I agree that isolating your real goal is important to deciding how to adjust these workouts. Are you just throwing everything at your training in the hopes that some of it will stick or do you have something you need to focus on for your goals?
I would go completely the other way here and say, no, that is not feasible. I would not put those back to back. In fact I would add more easy days to your schedule. Most workout types stay in your body and make relevant adaptations for longer than just a week. You don't need to keep doing the same several workouts every week. Do a long run every other week and just have good volume otherwise. Do intervals or a tempo every other week and just add strides or hill sprints on some easy days.
Without sounding like I'm a know-it-all or that what you're doing is wrong, let me refocus my thought. I don't think you need to look at your training in terms of an arbitrary 7 day week, let alone a repeating pattern of it. Training works through appropriate stresses and healthy adaptations. Many people will tell you that a schedule with a harder day followed by two easier days allows for better workouts and better recovery.
Specifically with a long run you are looking at stress to your nervous system, fueling system, and repetitive stress to muscoskeletal system. Fueling can be handled with a healthy diet. The muscoskeletal thing is mostly dependent on your body's response to the specific day, but delayed onset muscle soreness can hit you like a truck a couple of days later especially if you do a hard workout the day before or after a long run. The nervous system thing is perhaps the biggest deal, as your body will be inclined toward a state of recovery following a long run. You put unnecessary stress on that recovery by doing hard workouts surrounding it. Basically you are getting less out of the long run and putting more injurious stress on your body by jamming this stuff together.

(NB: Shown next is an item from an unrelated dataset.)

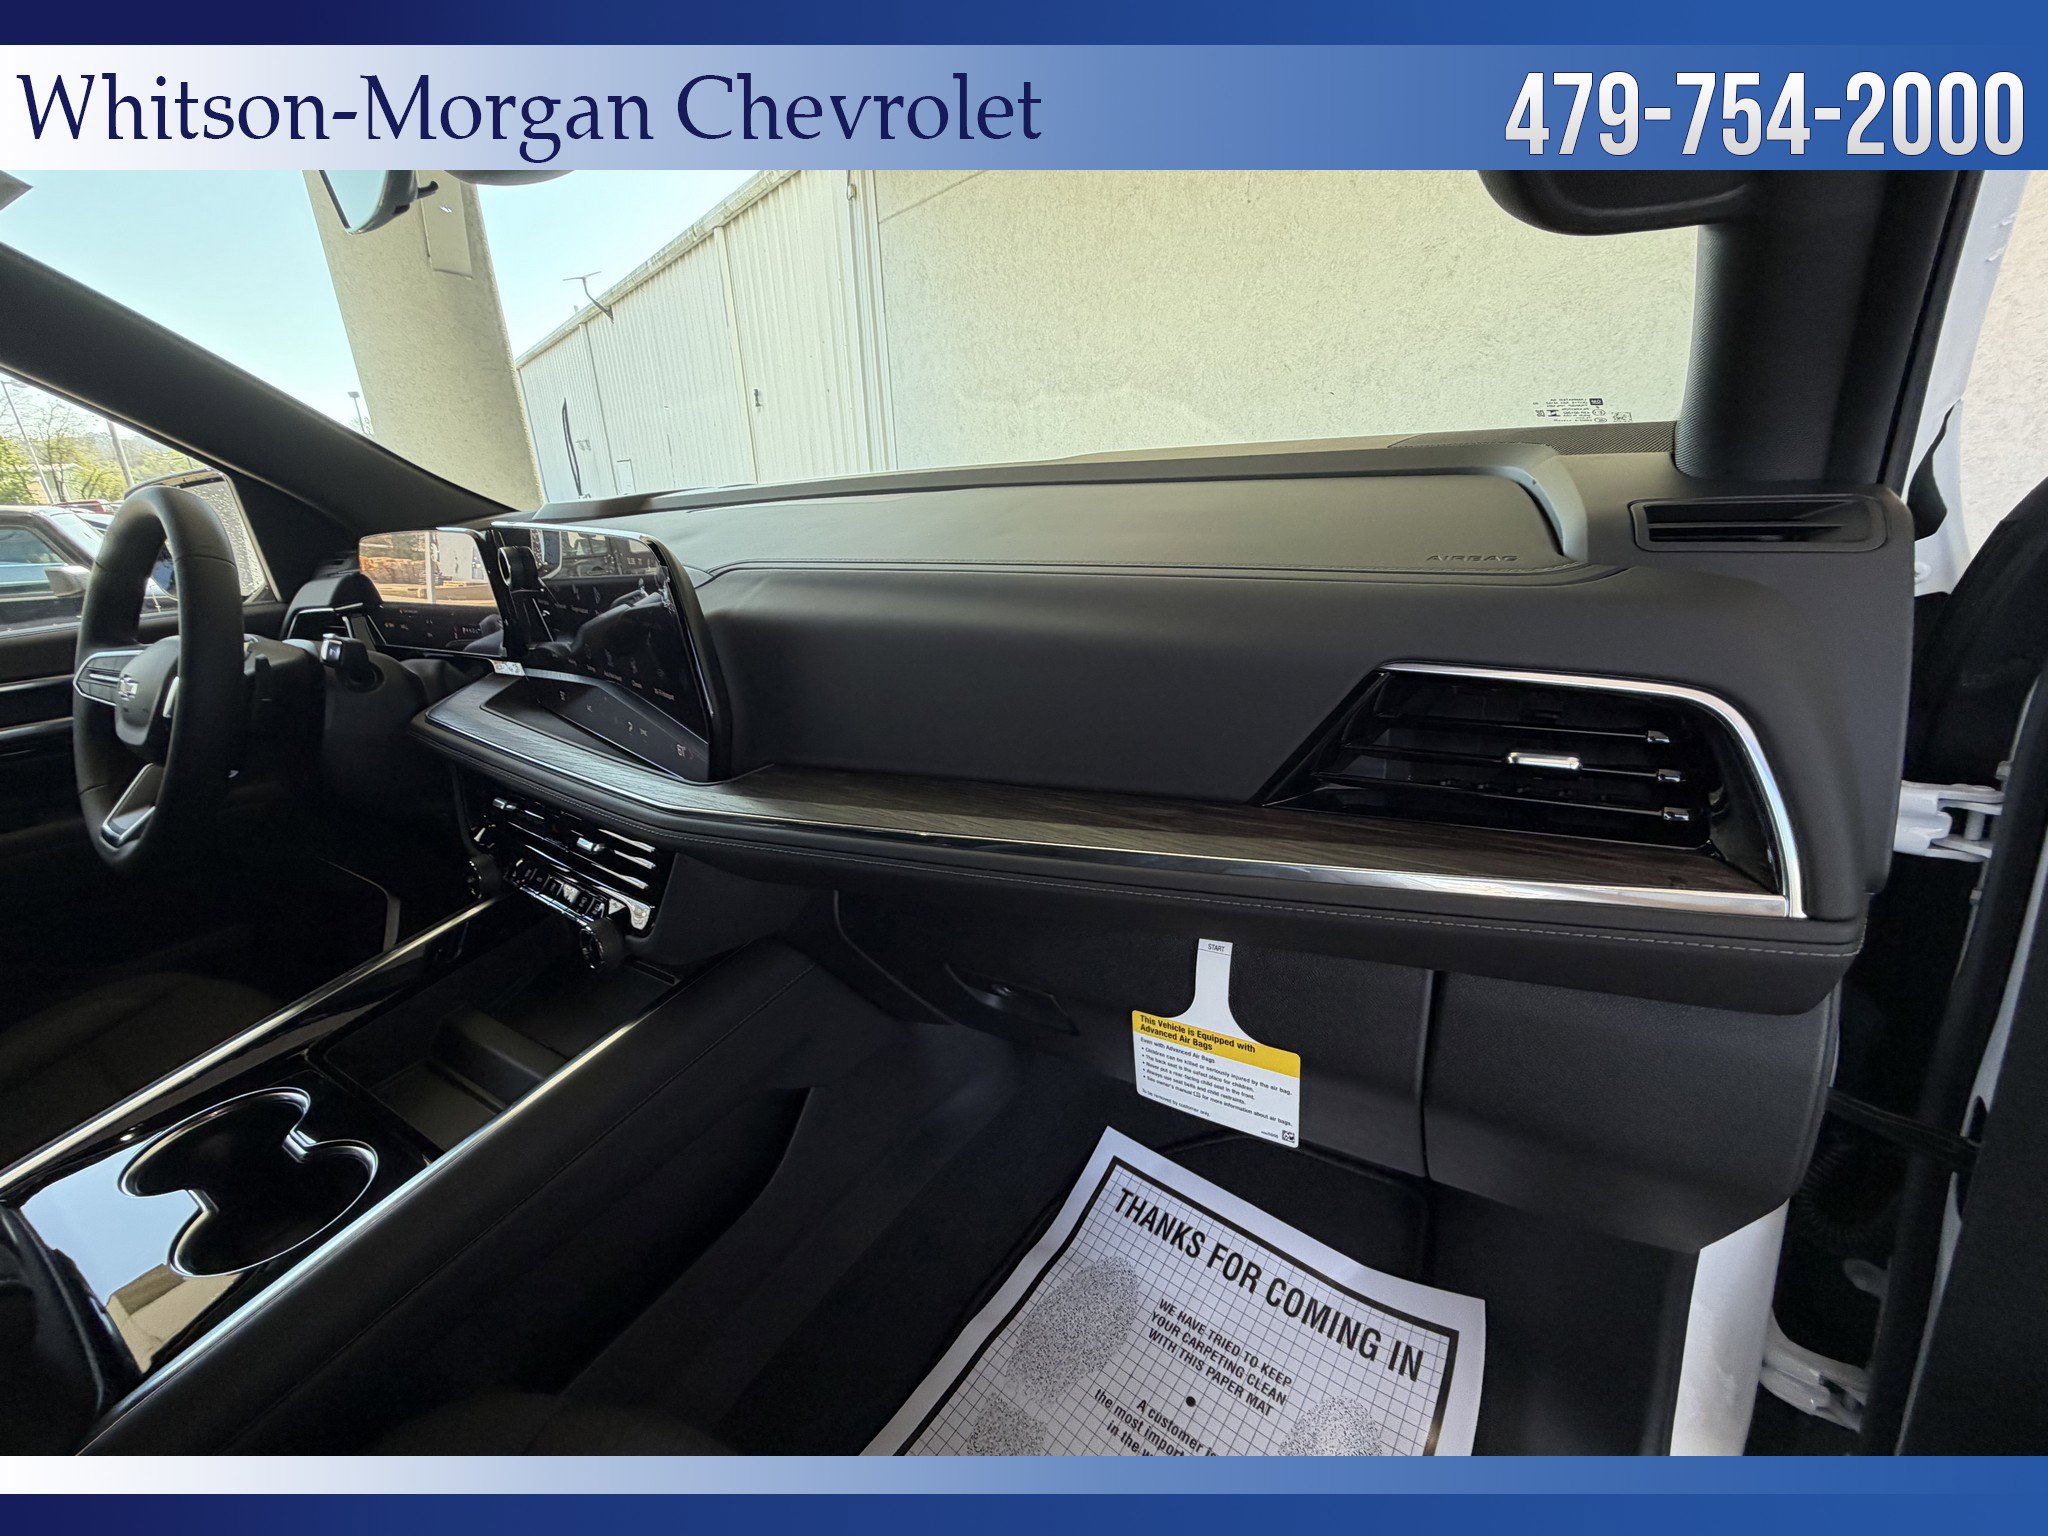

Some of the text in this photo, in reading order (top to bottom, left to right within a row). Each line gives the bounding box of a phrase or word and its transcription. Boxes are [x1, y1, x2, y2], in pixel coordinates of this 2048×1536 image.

Some of the best coaching advice I can give you is that feeling compelled to force workouts into close proximity is a sign of insecurity or lack of confidence in your own ability. The solution there is not always to run more. Have more confidence in your ability to take a day off or incorporate easy days. Things like red blood cells last 3 months. Your block of training is more important than a specific few days, especially if you risk injury. Speed has more to do with mechanical adaptations than frequency of doing them. Do them correctly when you do them and worry less about doing them all the time. There is plenty of science to support more recovery if faith in yourself isn't enough for you.